### How to complete this task:
Leaving the images out, output each entry below exactly.

### Records provided:
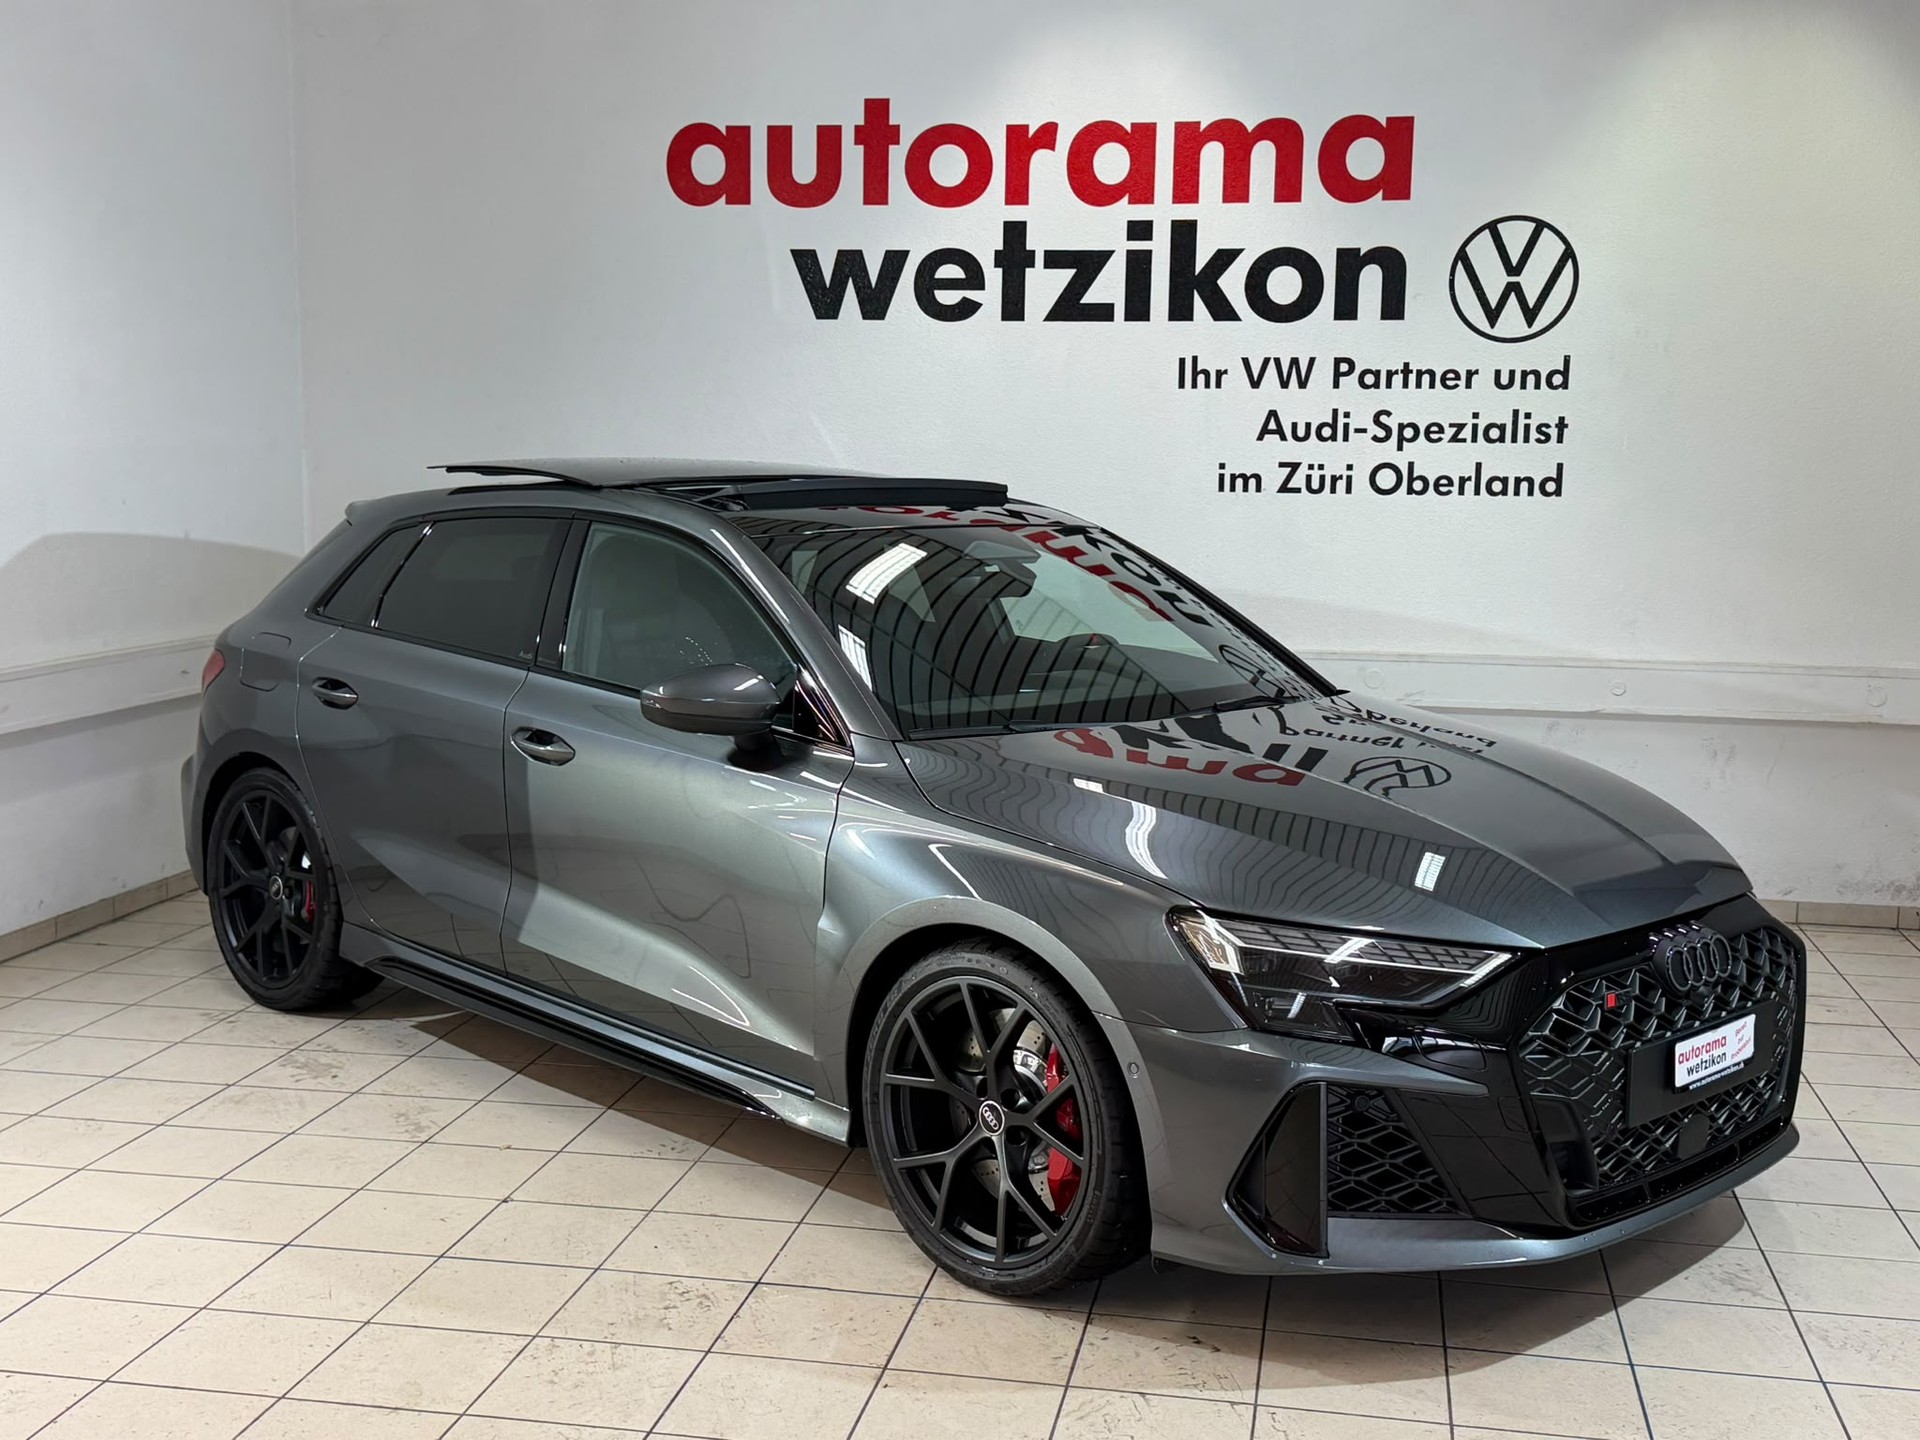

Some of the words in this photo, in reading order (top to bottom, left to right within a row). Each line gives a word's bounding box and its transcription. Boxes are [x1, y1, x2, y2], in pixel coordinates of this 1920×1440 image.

[666, 98, 1415, 208] autorama
[789, 220, 1407, 323] wetzikon
[1178, 355, 1228, 390] Ihr
[1240, 356, 1317, 390] VW
[1332, 356, 1480, 391] Partner
[1493, 354, 1571, 391] und
[1255, 408, 1569, 452] Audi-Spezialist
[1218, 462, 1262, 493] im
[1276, 461, 1354, 495] Züri
[1368, 461, 1564, 498] Oberland
[1678, 1035, 1727, 1065] autorama
[1686, 1052, 1727, 1077] wetzikon
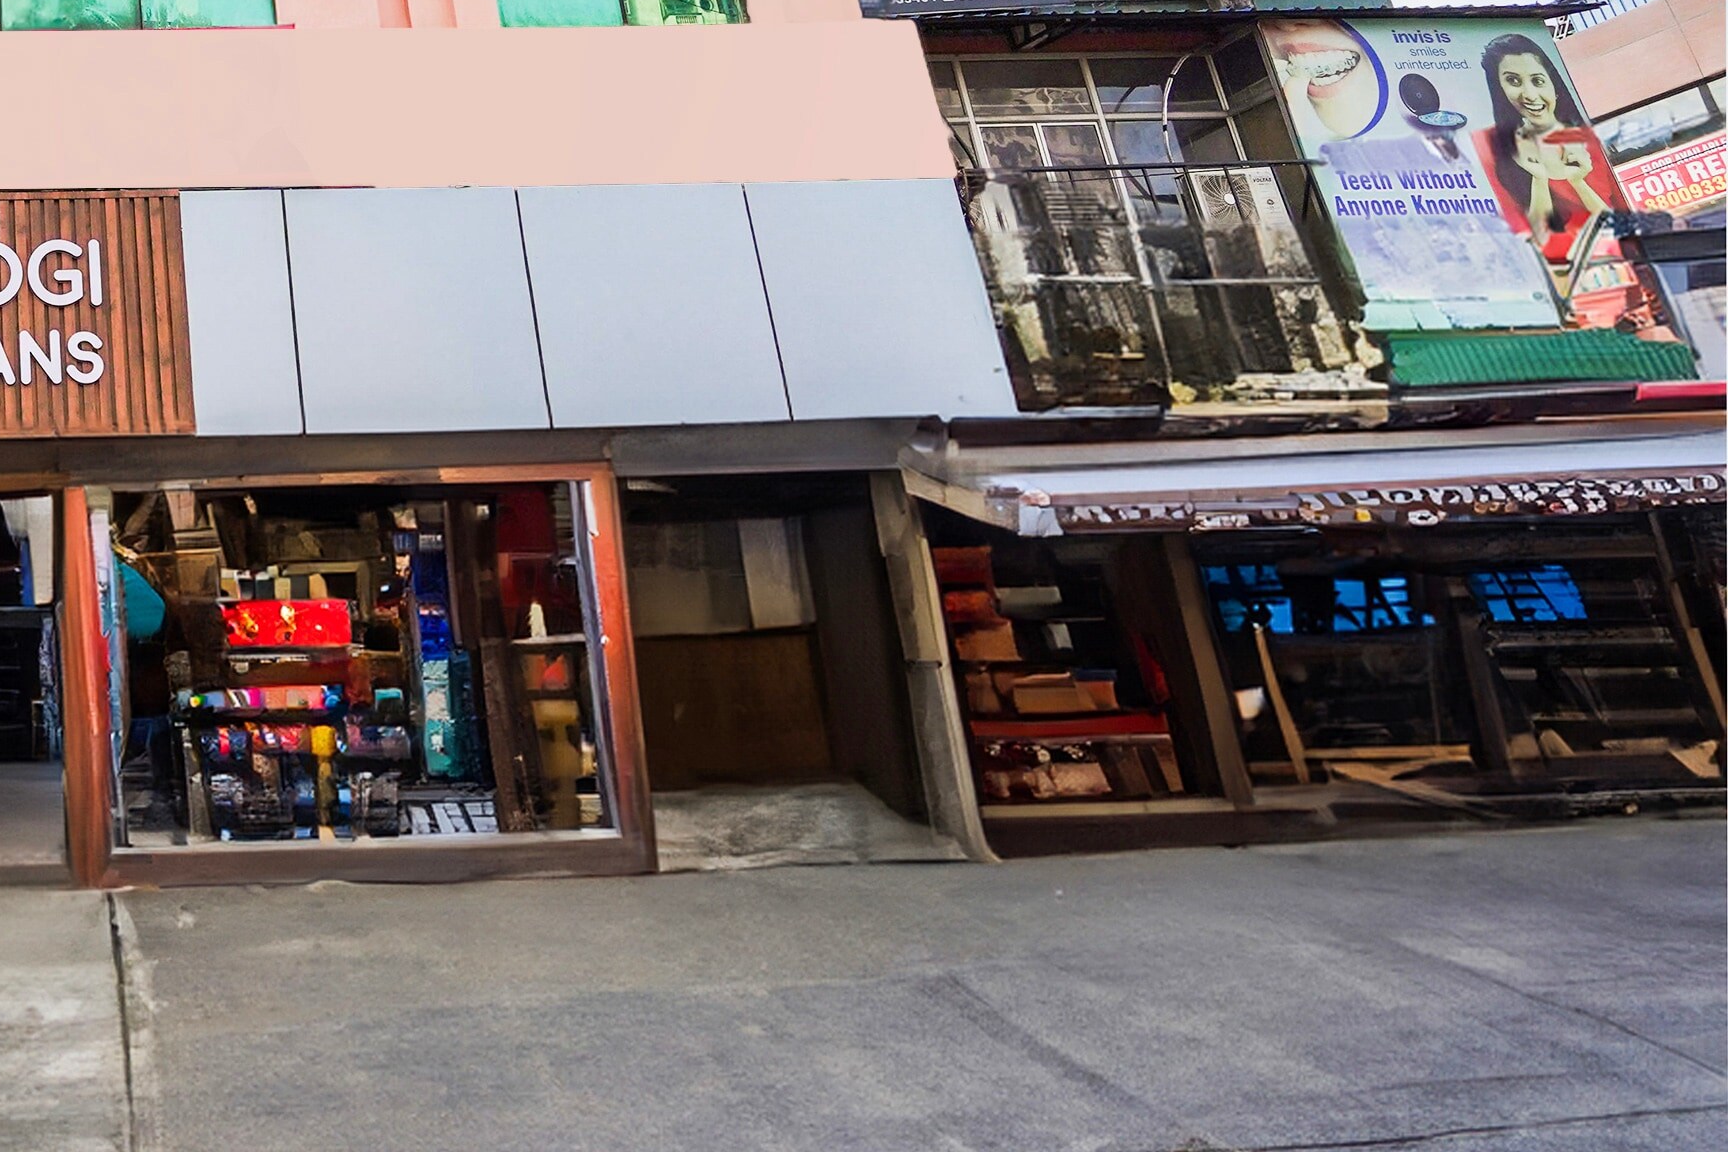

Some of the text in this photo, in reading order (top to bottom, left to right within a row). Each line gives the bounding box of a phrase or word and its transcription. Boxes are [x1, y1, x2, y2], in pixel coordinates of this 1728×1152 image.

### Your solution:
Some of the words in this photo, in reading order (top to bottom, left to right within a row). Each line gives a word's bounding box and its transcription. Boxes are [x1, y1, x2, y2], in pixel coordinates of this 1920×1440 image.

[666, 98, 1415, 208] autorama
[789, 220, 1407, 323] wetzikon
[1178, 355, 1228, 390] Ihr
[1240, 356, 1317, 390] VW
[1332, 356, 1480, 391] Partner
[1493, 354, 1571, 391] und
[1255, 408, 1569, 452] Audi-Spezialist
[1218, 462, 1262, 493] im
[1276, 461, 1354, 495] Züri
[1368, 461, 1564, 498] Oberland
[1678, 1035, 1727, 1065] autorama
[1686, 1052, 1727, 1077] wetzikon

Some of the text in this photo, in reading order (top to bottom, left to right within a row). Each line gives the bounding box of a phrase or word and its transcription. Boxes are [x1, y1, x2, y2], in pixel coordinates of this 1728×1152 image.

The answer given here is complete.